13. Tag Nürnberg – Neuburg an der Donau (Ingolstadt)

Es ist wie schon gestern Abend befürchtet. Um 5 Uhr werde ich von Geprassel auf dem Wohnmobildach geweckt. Es ist ordentlich am Regnen. Ich schaue kurz auf das Regenradar und sehe ein riesiges Regengebiet über Süddeutschland ziehen. Schlecht gelaunt drehe ich mich nochmal um. Aber es bringt nichts. Auch um halb sieben schüttet es noch wie aus Eimern. Wir frühstücken im Zeitlupentempo um den Aufbruch mit dem Fahrrad weiter hinauszuzögern… aber es bringt nichts. 
Im Regen packe ich mein Fahrrad, ziehe mir eine zusätzliche Schicht an (denn es ist auch wirklich kalt geworden) und fahre mies gelaunt los. 95 Kilometer muss ich heute bewältigen und es sieht nicht so aus, als ob es auch nur eine Minute aufklaren würde. 

Sobald ich Nürnberg hinter mir gelassen habe, geht es über bewaldete Landstraßen zügig bergauf.
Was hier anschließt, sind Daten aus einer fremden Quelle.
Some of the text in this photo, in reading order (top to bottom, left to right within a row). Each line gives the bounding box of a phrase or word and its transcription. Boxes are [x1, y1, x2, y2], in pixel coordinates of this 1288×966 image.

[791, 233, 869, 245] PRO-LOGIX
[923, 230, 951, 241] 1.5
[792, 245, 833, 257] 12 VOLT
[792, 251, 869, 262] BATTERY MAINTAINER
Der Regen und die nassen Straßen sorgen dafür, dass ich nicht nur von oben nass werde, sondern das Hinterrad auch dauerhaft schmutziges, kaltes Wasser an meine Hose und den Rücken spritzt. Nach 15 Kilometern habe ich das erste Mal die Schnauze voll und stelle mich an einem Baum unter. Ich gönne mir ein Snickers und versuche mich irgendwie bei Laune zu halten. 
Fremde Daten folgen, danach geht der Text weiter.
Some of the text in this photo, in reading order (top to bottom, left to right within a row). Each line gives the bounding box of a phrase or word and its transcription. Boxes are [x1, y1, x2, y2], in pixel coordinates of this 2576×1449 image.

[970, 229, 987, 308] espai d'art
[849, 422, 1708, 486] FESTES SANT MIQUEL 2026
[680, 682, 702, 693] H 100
Mittlerweile bin ich komplett durchnässt und der Fahrtwind lässt mich wirklich frieren. Vorsorglich schicke ich Nick schonmal meinen Standort. Nach 25 Kilometern holt er mich ein und ich kann mich ein bisschen aufwärmen und abtrocknen. Trockene Klamotten anzuziehen hätte allerdings keinen Sinn, denn die wären eh nach 5 Minuten wieder nass.
Nach einem Kaffee mache ich mich wieder auf den Weg. Es ist wirklich anstrengend zu fahren und zusätzlich kommt meine Angst vor einer Erkältung dazu, denn das wäre schrecklich. Krank zu werden würde das Ende der Tour bedeuten, denn dann könnte ich nicht mehr singen und auf die Zugspitze zu laufen wäre auch kaum noch drin. 
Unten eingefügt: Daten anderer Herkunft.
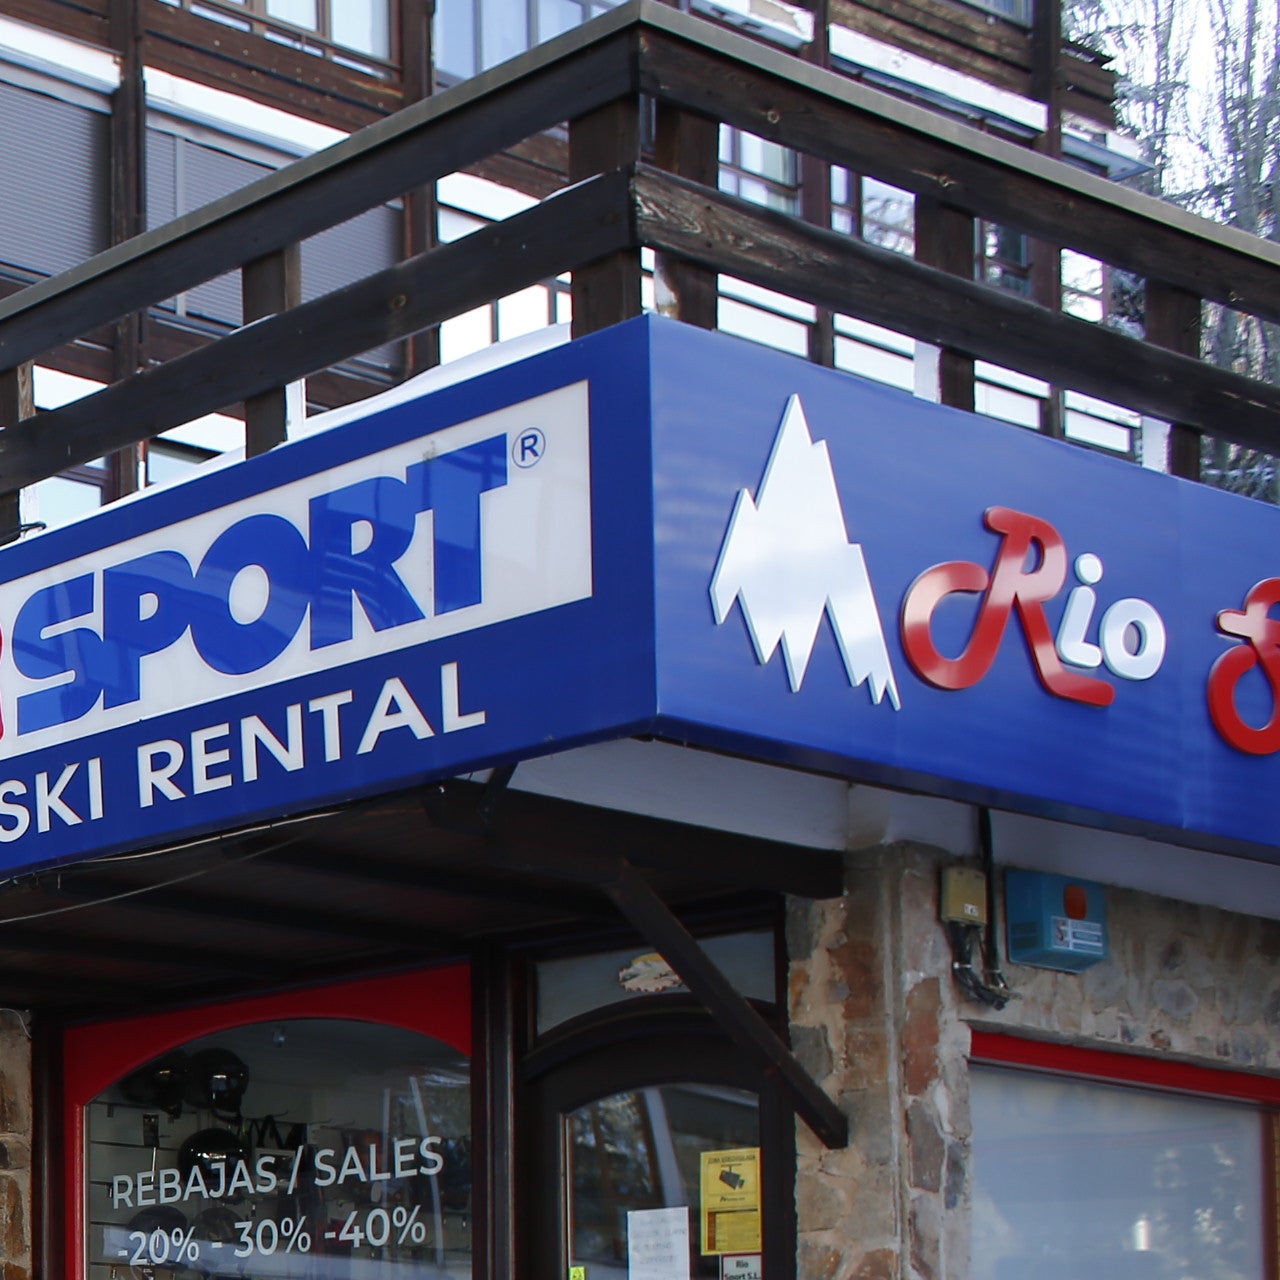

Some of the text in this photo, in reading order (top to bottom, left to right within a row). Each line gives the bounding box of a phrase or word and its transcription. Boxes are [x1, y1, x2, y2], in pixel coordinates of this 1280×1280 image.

[901, 506, 1167, 707] Rio
[137, 661, 486, 808] RENTAL
[112, 1136, 444, 1210] REBAJAS / SALES
[323, 1204, 427, 1249] -40%
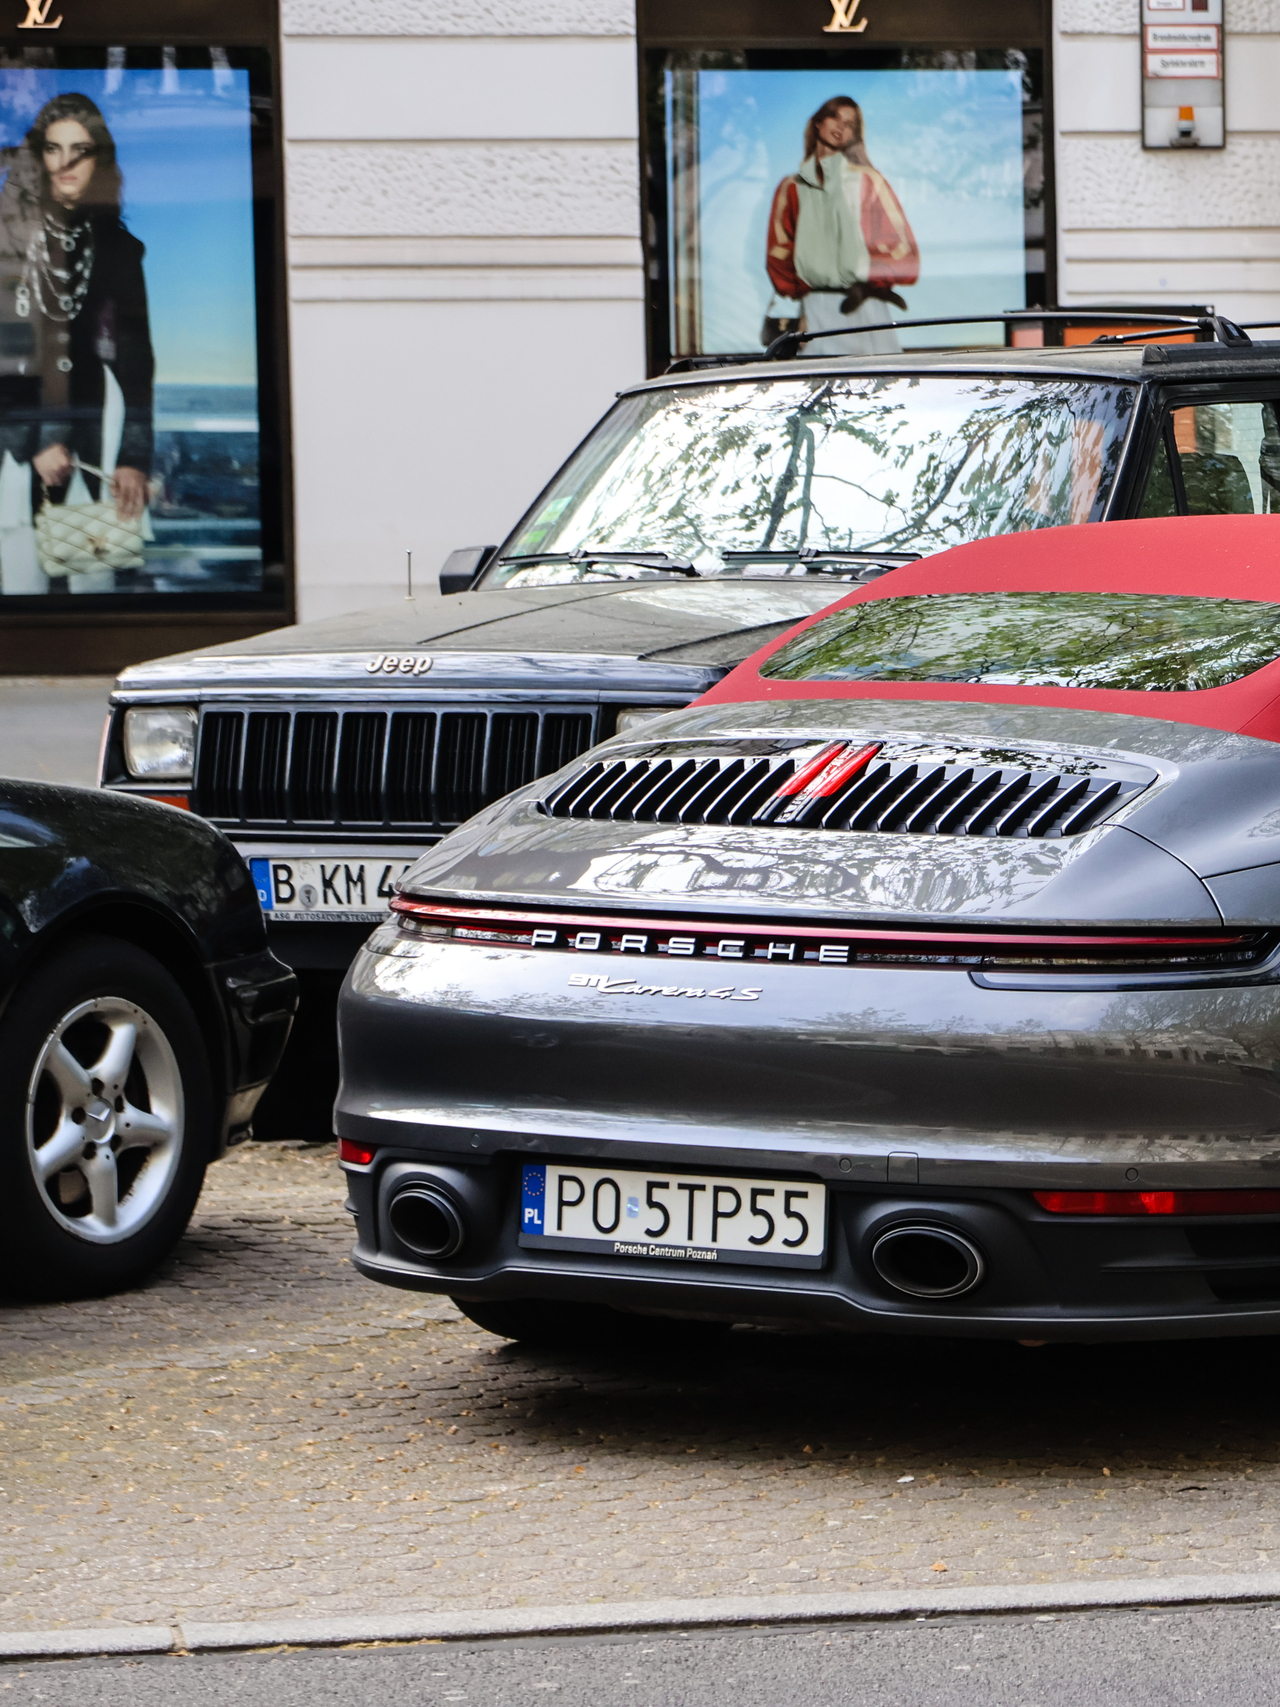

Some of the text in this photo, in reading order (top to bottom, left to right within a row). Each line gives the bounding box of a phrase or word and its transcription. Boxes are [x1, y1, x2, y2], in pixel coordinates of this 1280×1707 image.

[365, 654, 433, 677] Jeep
[272, 863, 412, 905] B KM 4
[294, 912, 342, 921] AUTOSALON
[531, 929, 850, 963] PORSCHE
[597, 979, 706, 998] Carrera
[524, 1208, 542, 1225] PL
[557, 1174, 809, 1248] PO 5TP55
[614, 1242, 718, 1260] Porsche Centrum Poznań
Immer wieder stelle ich mich kurz unter und versuche meine Finger zu wärmen… aber nach 65 Kilometern breche ich die Radtour für heute ab. Das Risiko sich da draußen was einzufangen ist mir einfach zu groß. Natürlich bin ich enttäuscht, aber ich weiß auch, dass es die richtige Entscheidung war.
So fahren wir die restlichen 30 Kilometer mit dem Wohnmobil nach Neuburg an der Donau, einem wunderschönen kleinen Städtchen mit einem Schloss im Ortskern.
Hier spielen wir heute Abend in der Drogerie, einer kleinen Bar die von einem sympathischen Typen namens Klaus geführt wird.  
Er begrüßt uns freundlich und ist über die Maßen glücklich, dass wir in seinem Laden spielen. 
Das Konzert ist super, die Leute begeistert und Klaus ist ungefähr der coolste Typ auf der Welt. Nachdem ich von meinem schrecklichen Tag im Regen und den nassen Klamotten erzählt habe, bietet er und tatsächlich an, dass er unsere dreckige Wäsche bei sich wäscht und wir sie am nächsten Morgen abholen können… und bei der Gelegenheit lädt er uns noch gleich zum Frühstück ein. Wir können unser Glück nicht fassen. 
Zusätzlich schenkt er uns noch eine Flasche Champagner, die wir öffnen sollen, wenn wir wieder gut von der Zugspitze ins Tal gekommen sind.Wir übernachten auf einem kleinen Campingplatz direkt an der Donau und freuen uns schon auf das Frühstück mit Klaus.